The Congress finds the following:

(1)

The Confederate battle flag is one of the most controversial symbols from U.S. history, signifying a representation of racism, slavery, and the oppression of African Americans.

(2)

The Confederate flag and the erection of Confederate monuments were used as symbols to resist efforts to dismantle Jim Crow segregation, and have become pillars of Ku Klux Klan rallies.

(3)

There are at least 1,503 symbols of the Confederacy in public spaces, including 109 public schools named after prominent Confederates, many with large African-American student populations.

(4)

There are more than 700 Confederate monuments and statues on public property throughout the country, the vast majority in the South.
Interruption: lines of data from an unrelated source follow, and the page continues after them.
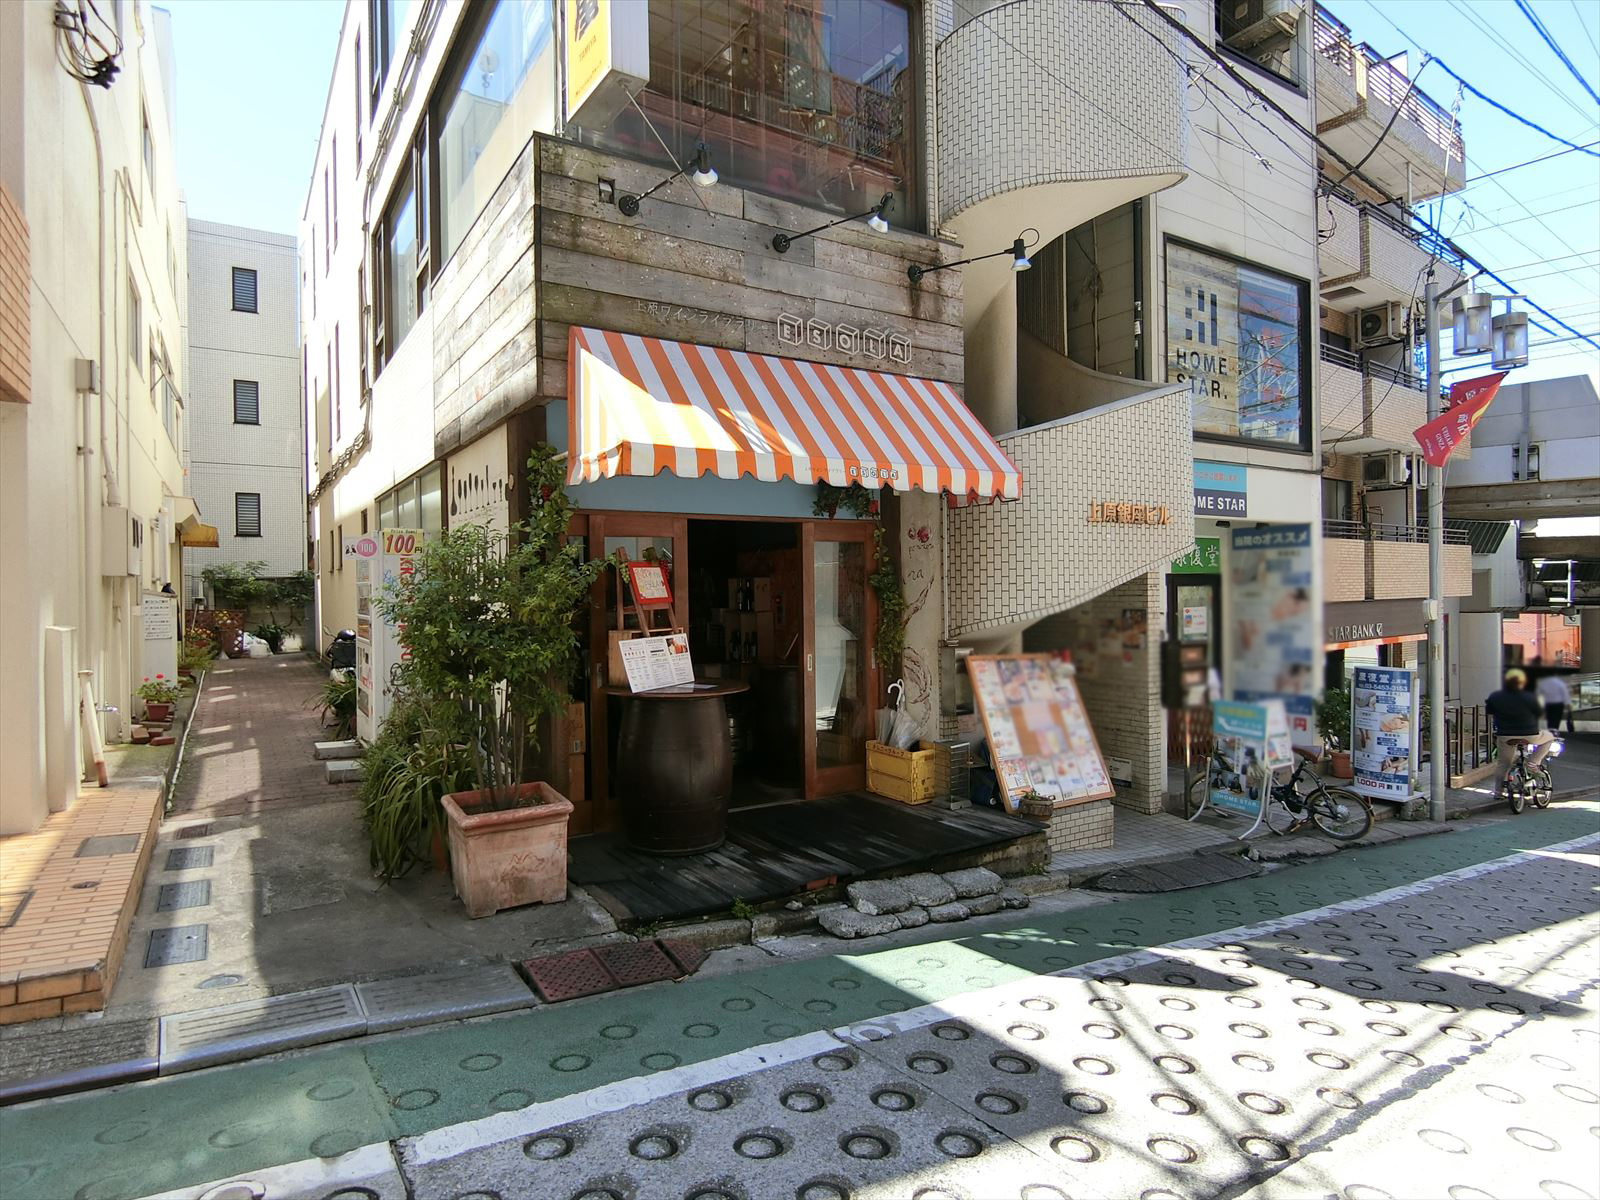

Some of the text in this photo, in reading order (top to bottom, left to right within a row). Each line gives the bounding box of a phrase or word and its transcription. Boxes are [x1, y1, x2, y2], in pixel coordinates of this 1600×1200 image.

[781, 321, 905, 360] ESOLA
[1176, 347, 1228, 376] HOME
[1087, 496, 1173, 526] 上原銀座ビル
[1217, 496, 1246, 511] STAR
[386, 534, 422, 554] 100円
[1328, 623, 1375, 640] STAR BANK
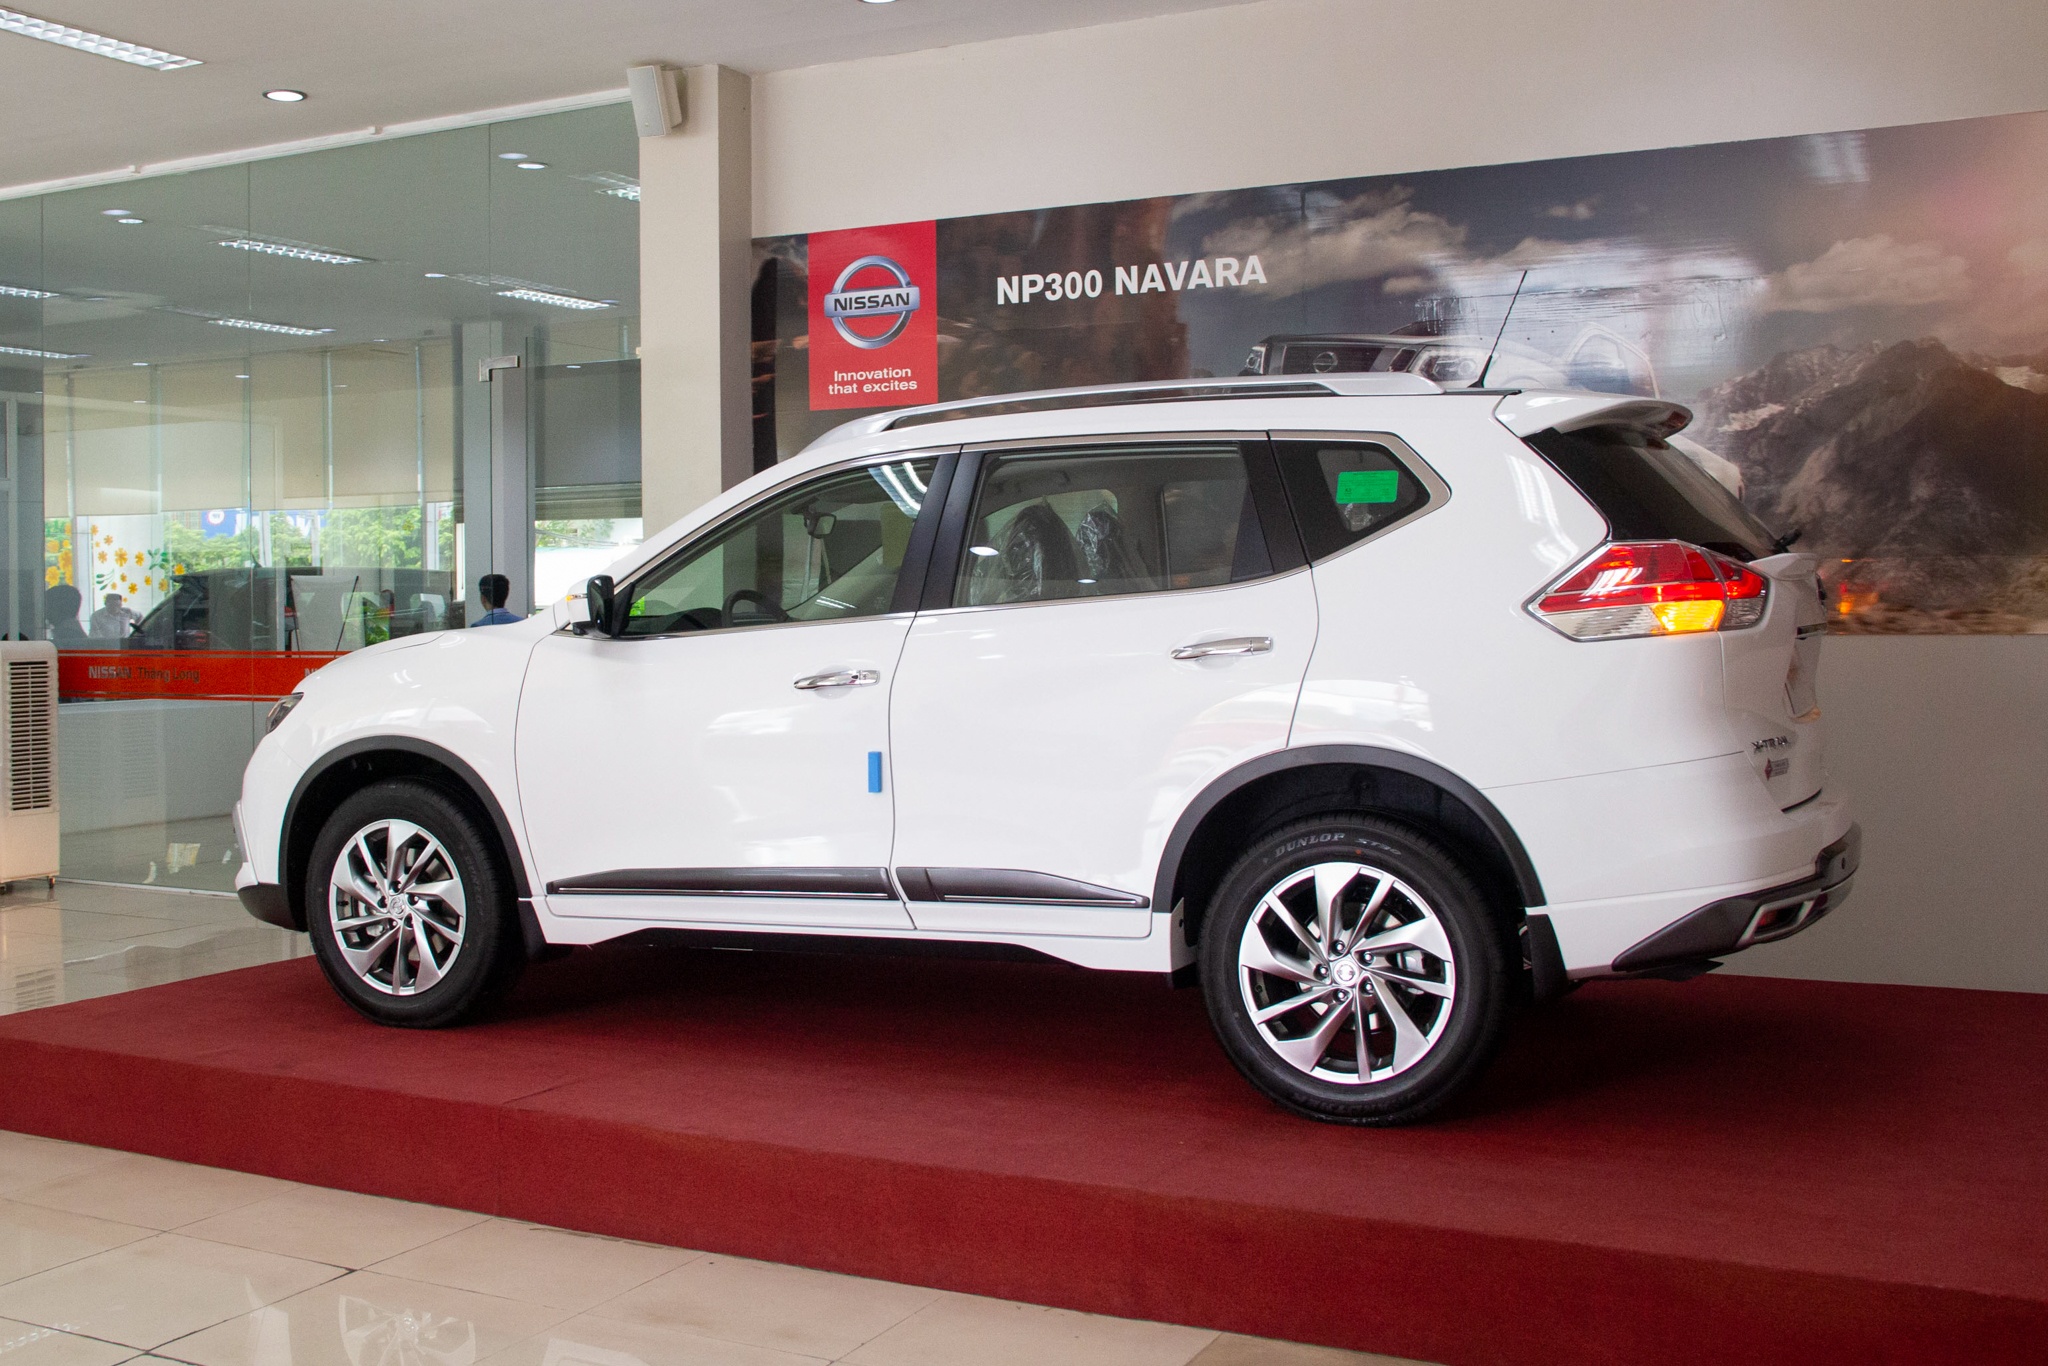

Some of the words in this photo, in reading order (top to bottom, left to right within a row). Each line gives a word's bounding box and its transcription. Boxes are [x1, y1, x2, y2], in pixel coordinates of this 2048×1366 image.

[996, 269, 1103, 305] NP300
[1114, 255, 1268, 295] NAVARA
[833, 291, 911, 312] NISSAN
[834, 367, 912, 382] Innovation
[828, 383, 858, 395] that
[863, 380, 918, 393] excites
[88, 666, 132, 679] NISSAN
[173, 668, 200, 683] Long
[1274, 832, 1346, 857] DUNLOP
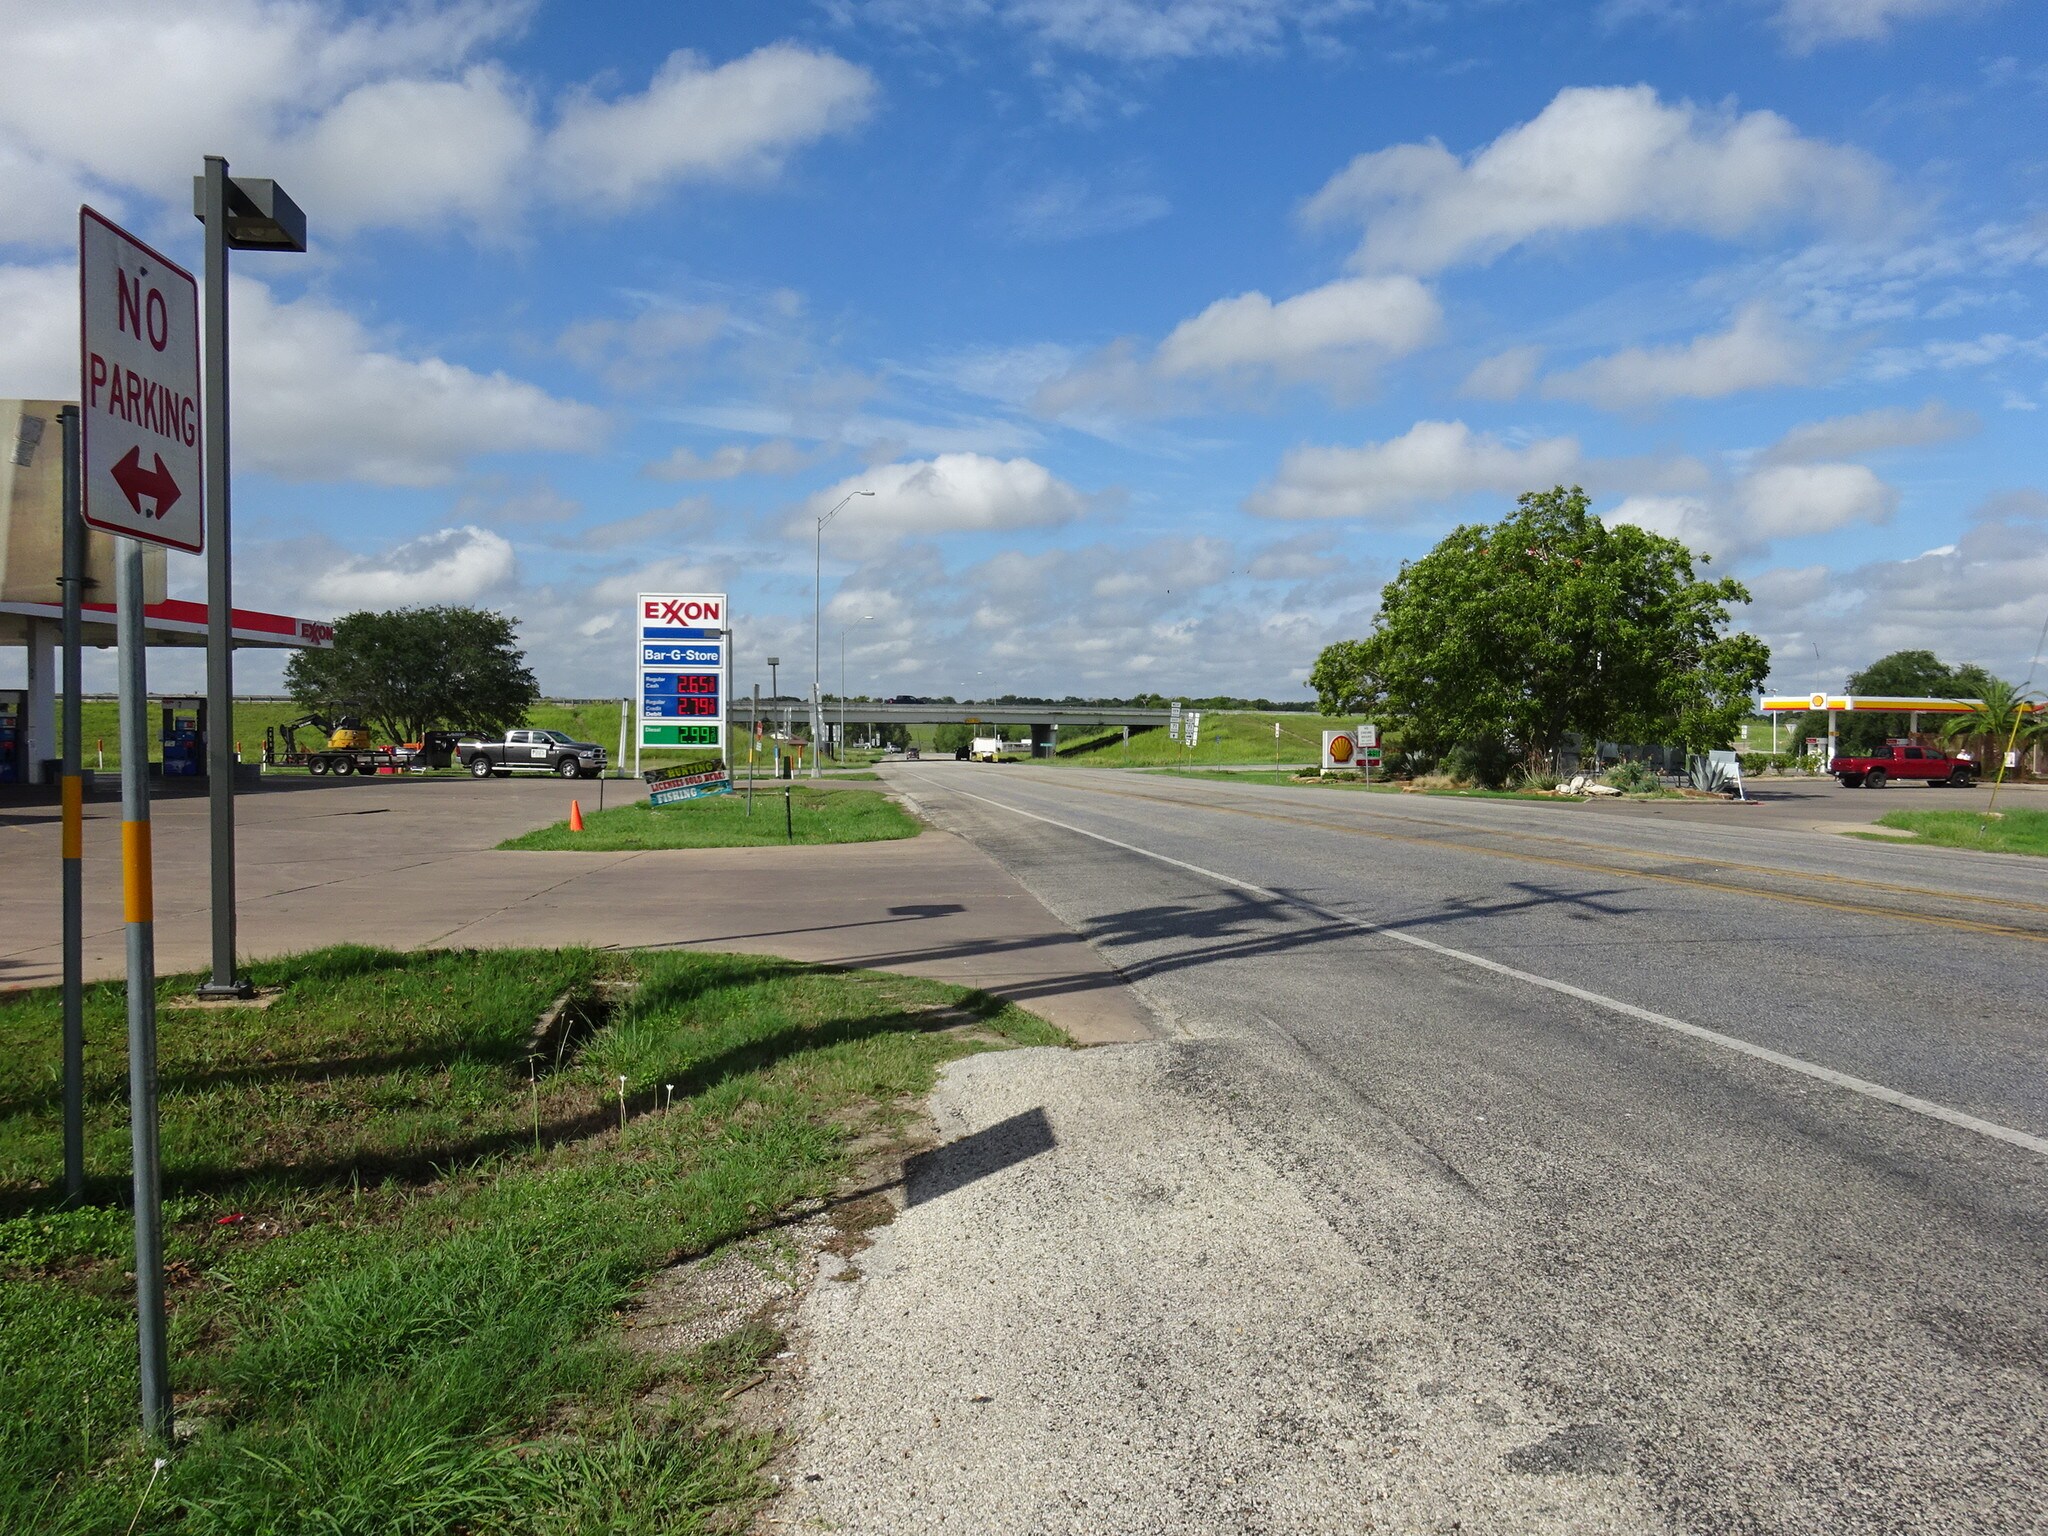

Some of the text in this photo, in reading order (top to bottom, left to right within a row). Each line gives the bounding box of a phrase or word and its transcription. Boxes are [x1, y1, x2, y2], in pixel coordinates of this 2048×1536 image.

[118, 267, 168, 352] NO
[90, 352, 196, 448] PARKING
[645, 599, 720, 627] EXXON
[302, 622, 333, 645] EXXON
[644, 649, 719, 661] Bar-G-Store
[678, 676, 708, 693] 2.65
[678, 698, 708, 715] 2.79
[680, 727, 709, 744] 2.99
[667, 761, 713, 778] HUNTING
[651, 771, 725, 792] LICENSES SOLD HERE!
[656, 787, 697, 804] FISHING
These include 96 monuments in Virginia, 90 in Georgia, and 90 in North Carolina.

3.

Federal funds restriction

(a)

In general

Except as provided in subsection (c), no Federal funds may be used for the creation, maintenance, or display, as applicable, of any Confederate symbol on Federal public land, including any highway, park, subway, Federal building, military installation, street, or other Federal property.

(b)

Confederate symbol defined

The term Confederate symbol includes the following:

(1)

A Confederate battle flag.

(2)

Any symbol or other signage that honors the Confederacy.

(3)

Any monument or statue that honors a Confederate leader or soldier or the Confederate States of America.

(c)

Exceptions

Subsection (a) does not apply—

(1)

if the use of such funds is necessary to allow for removal of the Confederate symbol to address public safety; or

(2)

in the case of a Confederate symbol created, maintained, or displayed in a museum or educational exhibit.